# Description of the task
Exact reproduction of every record is required, and pictures are to be excluded.

★ ★ ★ ★

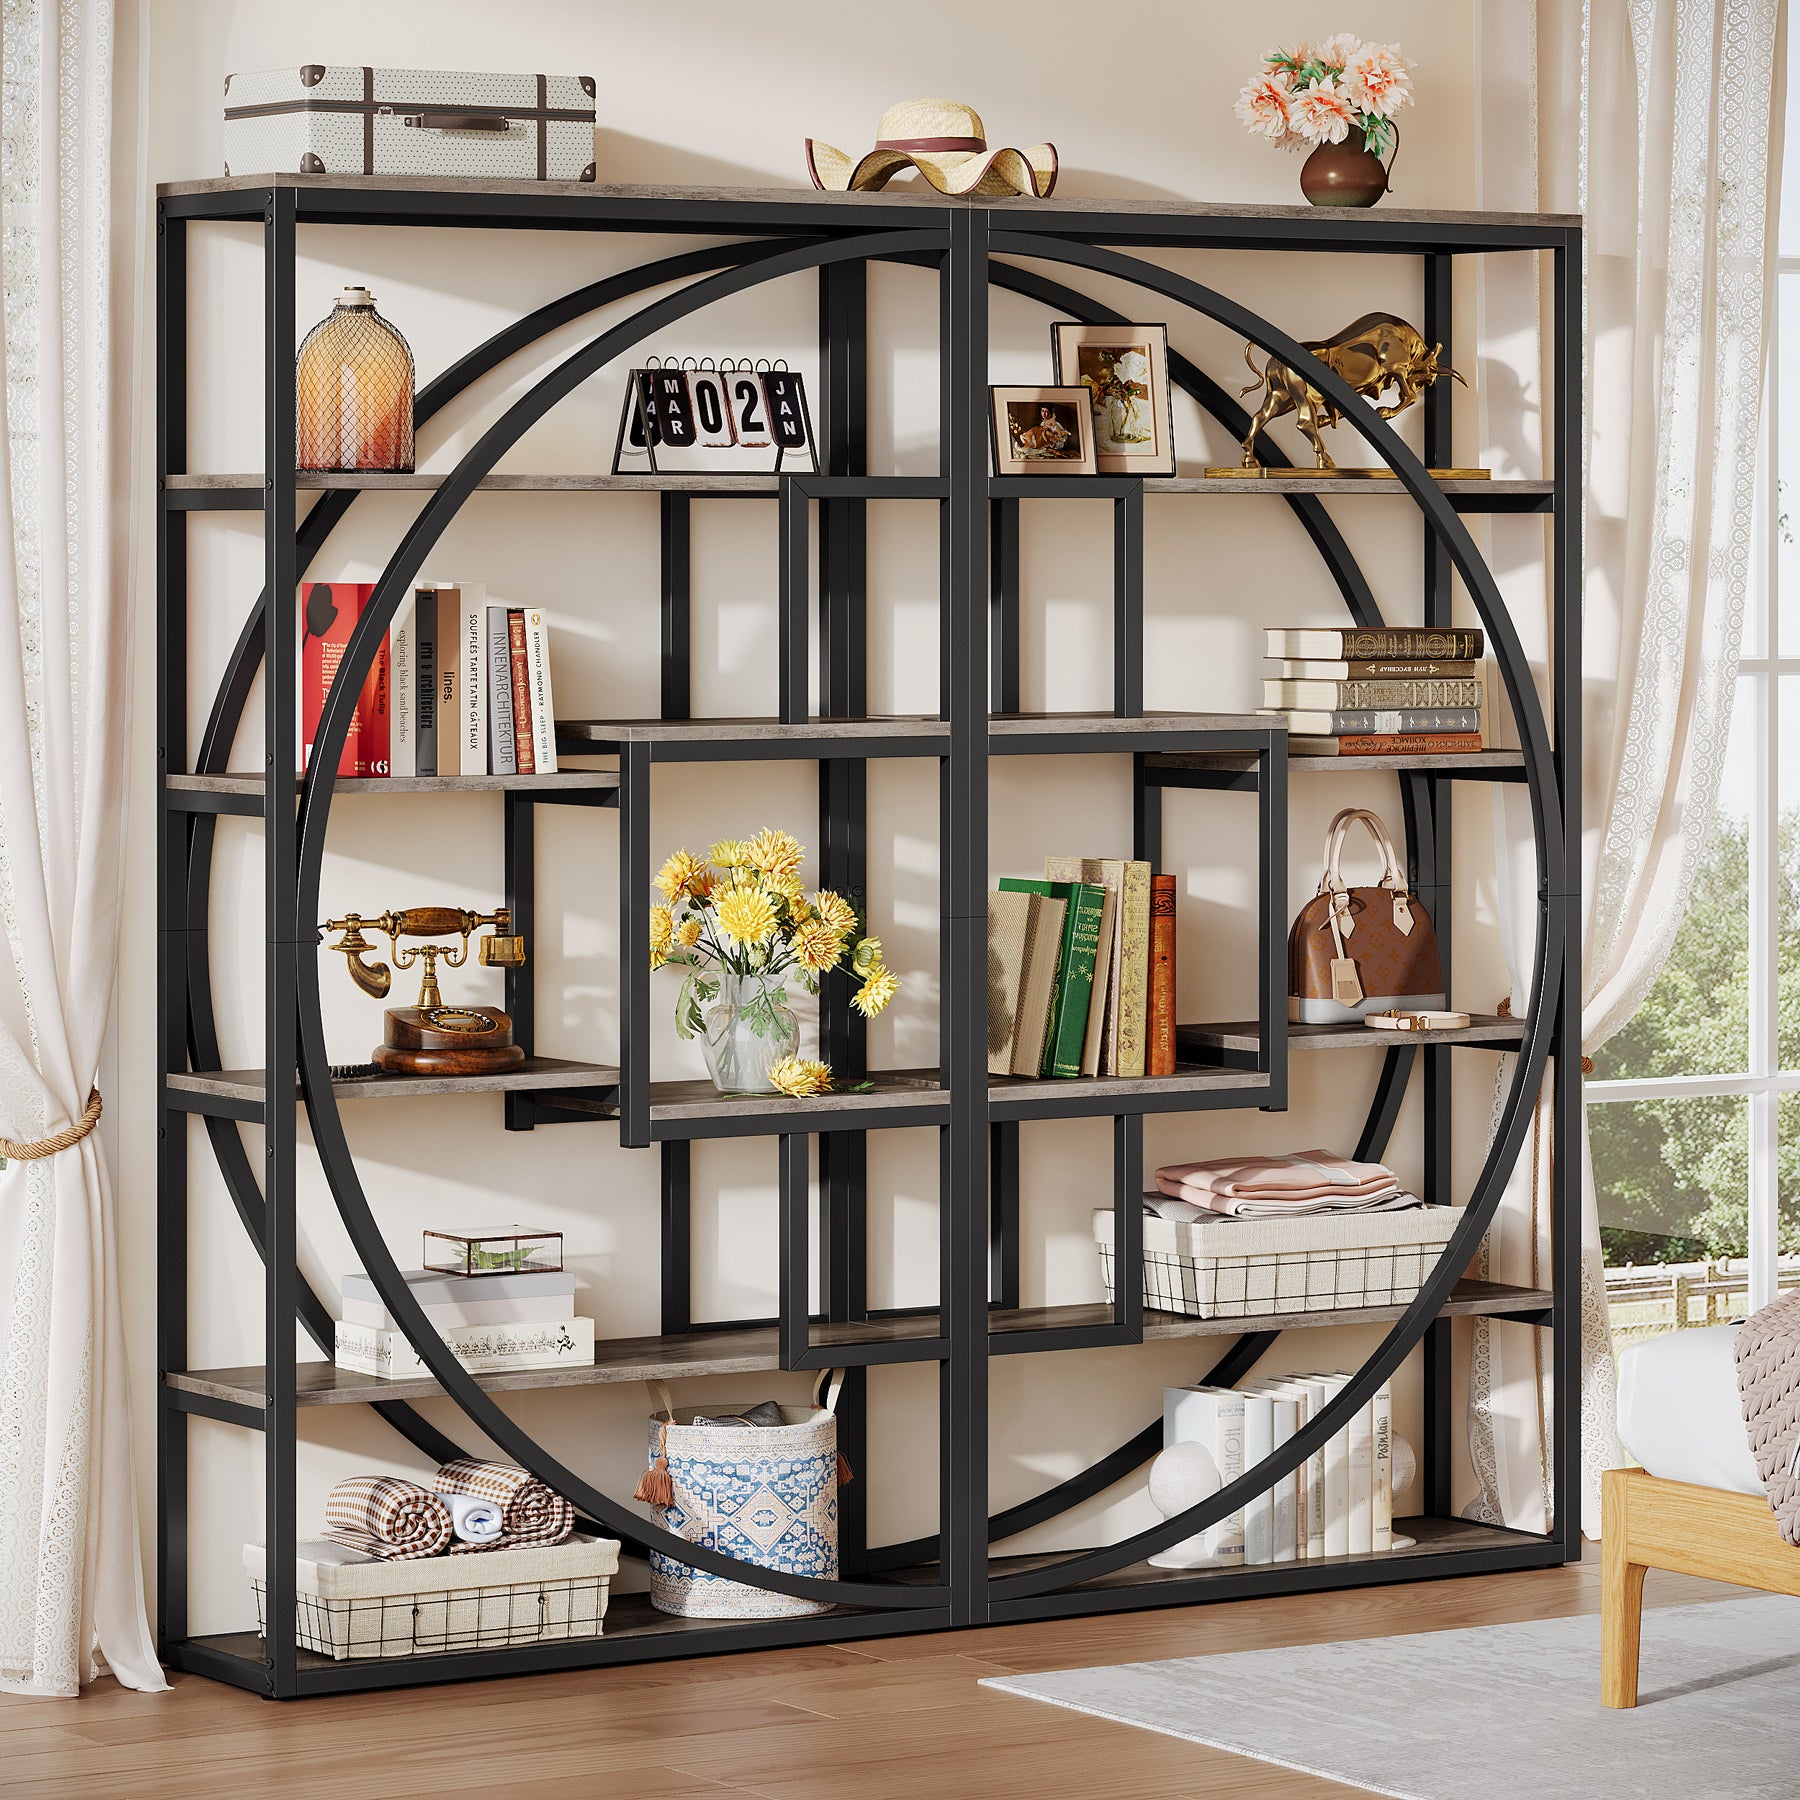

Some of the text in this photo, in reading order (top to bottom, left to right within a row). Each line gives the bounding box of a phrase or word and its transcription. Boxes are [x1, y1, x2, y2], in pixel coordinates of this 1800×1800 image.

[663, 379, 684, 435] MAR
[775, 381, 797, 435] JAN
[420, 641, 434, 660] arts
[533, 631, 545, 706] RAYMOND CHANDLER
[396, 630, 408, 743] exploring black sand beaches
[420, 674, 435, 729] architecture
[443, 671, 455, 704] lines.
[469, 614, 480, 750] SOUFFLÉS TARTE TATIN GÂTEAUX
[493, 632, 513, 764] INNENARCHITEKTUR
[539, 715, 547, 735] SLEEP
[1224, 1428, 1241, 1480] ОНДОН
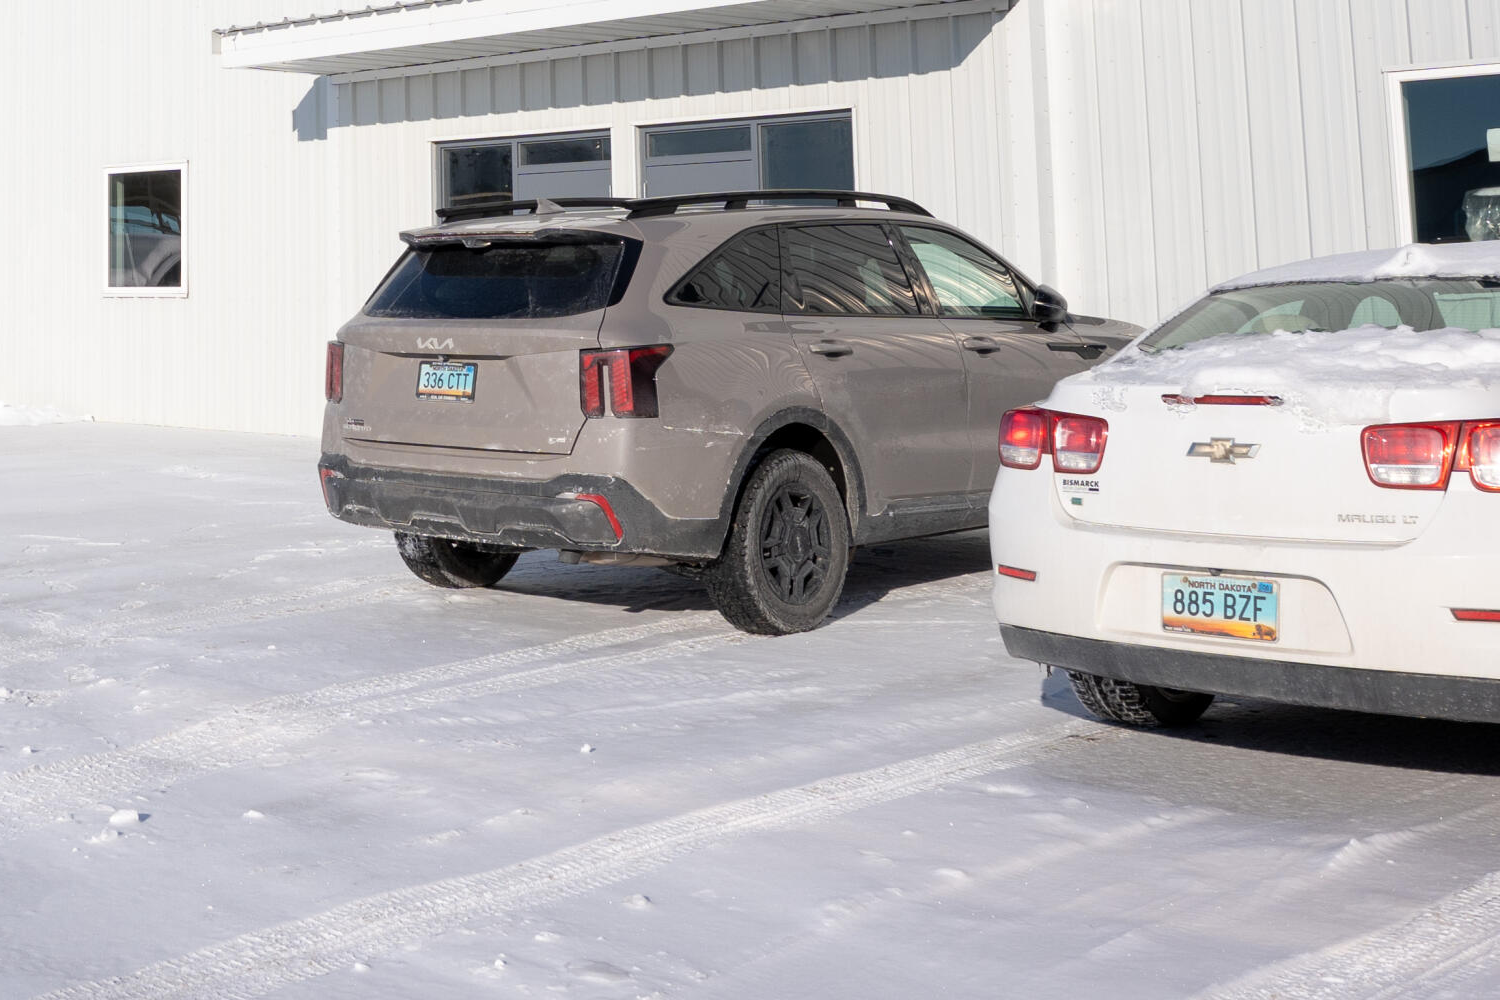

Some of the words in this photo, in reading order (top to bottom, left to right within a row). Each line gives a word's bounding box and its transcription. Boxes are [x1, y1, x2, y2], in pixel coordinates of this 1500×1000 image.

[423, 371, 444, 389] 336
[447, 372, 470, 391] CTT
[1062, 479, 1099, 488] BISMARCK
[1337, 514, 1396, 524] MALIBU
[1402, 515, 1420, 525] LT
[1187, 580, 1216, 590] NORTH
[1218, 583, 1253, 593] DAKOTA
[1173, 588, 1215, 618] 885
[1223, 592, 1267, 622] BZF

★ ★ ★ ★

# Result of the task
Some of the text in this photo, in reading order (top to bottom, left to right within a row). Each line gives the bounding box of a phrase or word and its transcription. Boxes are [x1, y1, x2, y2], in pixel coordinates of this 1800×1800 image.

[663, 379, 684, 435] MAR
[775, 381, 797, 435] JAN
[420, 641, 434, 660] arts
[533, 631, 545, 706] RAYMOND CHANDLER
[396, 630, 408, 743] exploring black sand beaches
[420, 674, 435, 729] architecture
[443, 671, 455, 704] lines.
[469, 614, 480, 750] SOUFFLÉS TARTE TATIN GÂTEAUX
[493, 632, 513, 764] INNENARCHITEKTUR
[539, 715, 547, 735] SLEEP
[1224, 1428, 1241, 1480] ОНДОН

Some of the words in this photo, in reading order (top to bottom, left to right within a row). Each line gives a word's bounding box and its transcription. Boxes are [x1, y1, x2, y2], in pixel coordinates of this 1500×1000 image.

[423, 371, 444, 389] 336
[447, 372, 470, 391] CTT
[1062, 479, 1099, 488] BISMARCK
[1337, 514, 1396, 524] MALIBU
[1402, 515, 1420, 525] LT
[1187, 580, 1216, 590] NORTH
[1218, 583, 1253, 593] DAKOTA
[1173, 588, 1215, 618] 885
[1223, 592, 1267, 622] BZF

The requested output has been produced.